Ben Thompson makes a good point in today’s Stratechery Daily Update (paywalled) about Tim Cook’s privacy stance, and his comments about Google’s business model that I previously and half-jokingly described as “throwing shade”. Thompson writes:
First, it’s simply not true to say that Google or Facebook are selling off your data: what they are doing is promising advertisers they will display their ads to a particular type of customer as defined by the advertiser using Google or Facebook’s provided parameters. This may sound like semantics but the difference is significant: Google and Facebook do know a lot about individuals, but advertisers don’t know anything — that’s why Google and Facebook can charge a premium!
Second, Google and Facebook are highly motivated to protect user information. In fact, should Google or Facebook decide to sell your data, the value of each company would fall through the floor! Their competitive advantage in advertising is that they have data on customers that no one else has. In other words, if you consider incentives, Google and Facebook have more motivation to protect their users’ data from 3rd-parties than Apple does: money has a funny way of trumping morals (not that I question Apple’s! Rather, I’m just pointing out how wrong Cook’s implication is)
This is 100% right—Google and Facebook don’t sell your data, or in fact do anything that compromises your privacy for the sake of advertising. As Thompson points out, social media companies’ business isn’t selling you so much as selling access to you, in ways that are fairly transparent. The social networks I use most—Facebook, Twitter, Instagram, Tumblr—all run ads, all their ads are clearly denoted as ads, and all are (ostensibly) targeted.
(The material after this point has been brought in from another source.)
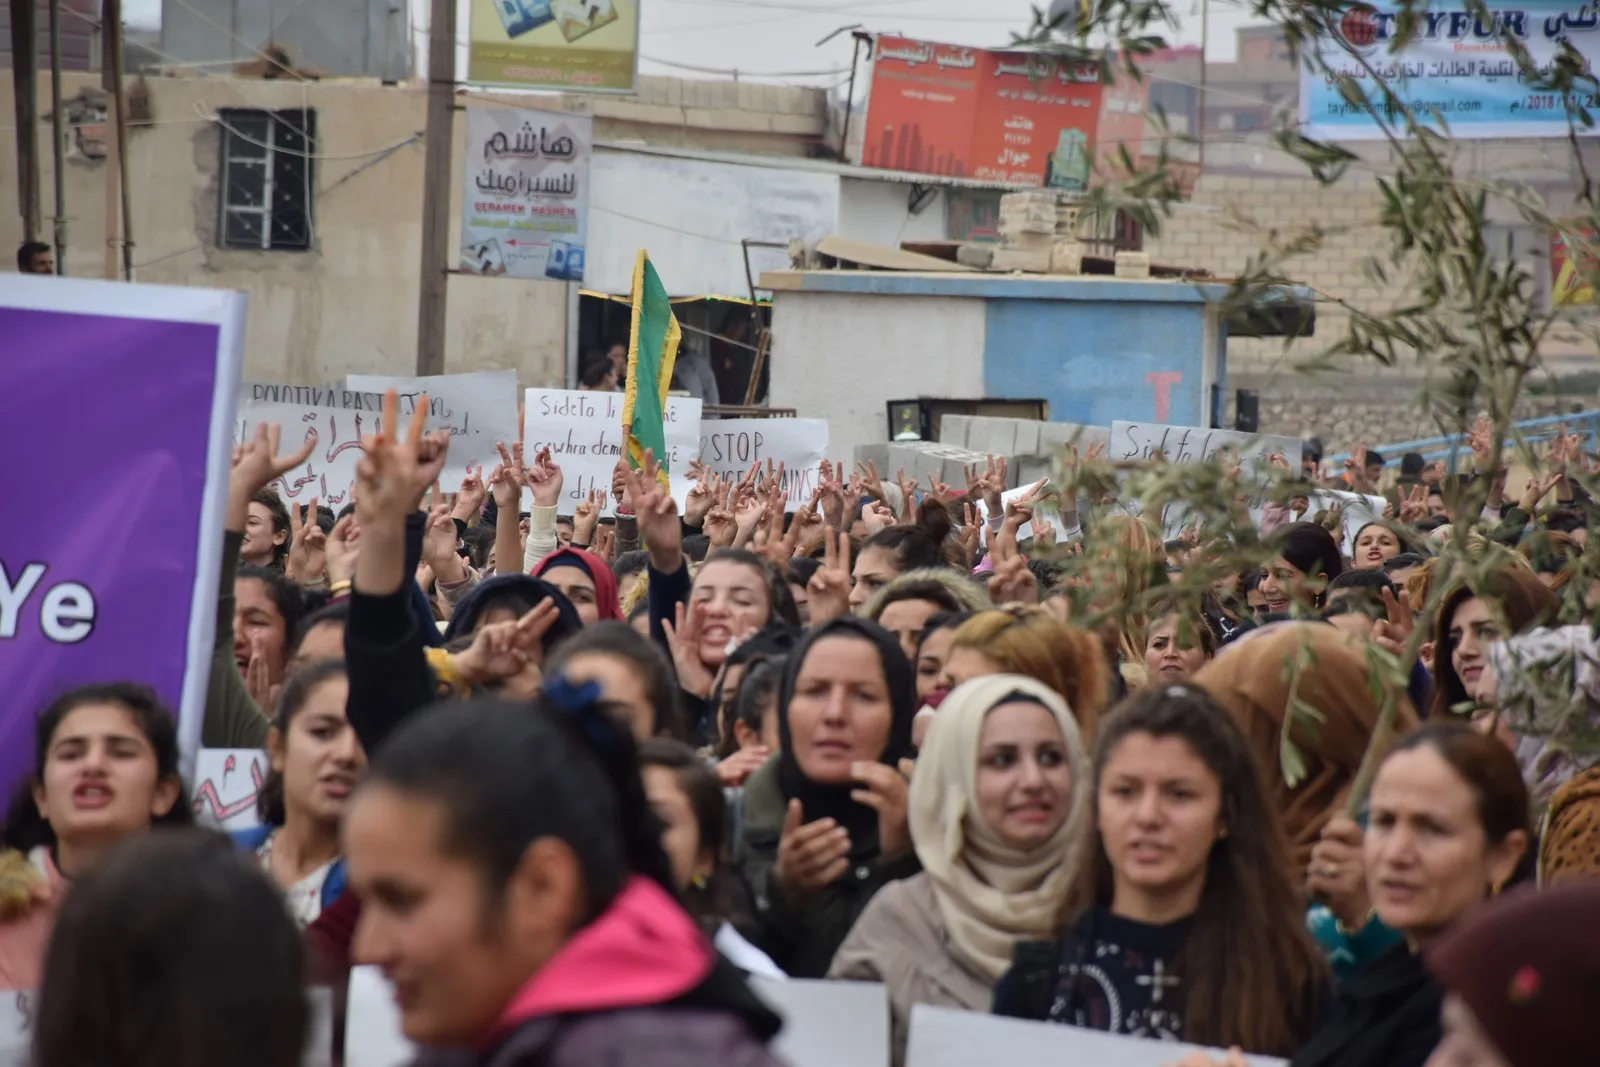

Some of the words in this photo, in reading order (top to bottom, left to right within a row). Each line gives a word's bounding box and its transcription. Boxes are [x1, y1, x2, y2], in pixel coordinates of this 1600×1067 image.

Like most of you, I also see a ton of ads that can’t possibly be based on my interests, like the Kate Upton Game of War ads that just won’t go away no matter how often I click “not interested”. I can only suppose that the people marketing that game are going for quantity, bidding a lot for every possible slice of Twitter & Facebook’s 18-35 male user base. But see, that’s my point: even when advertisers could use social networks’ data to target me in a very personal way, they often don’t.
Cook wasn’t so much railing against what social media companies do with our data, but whether it’s right for them to make money from it at all. It’s not a question of private vs. public data, but which business is more moral: advertising, or selling hardware.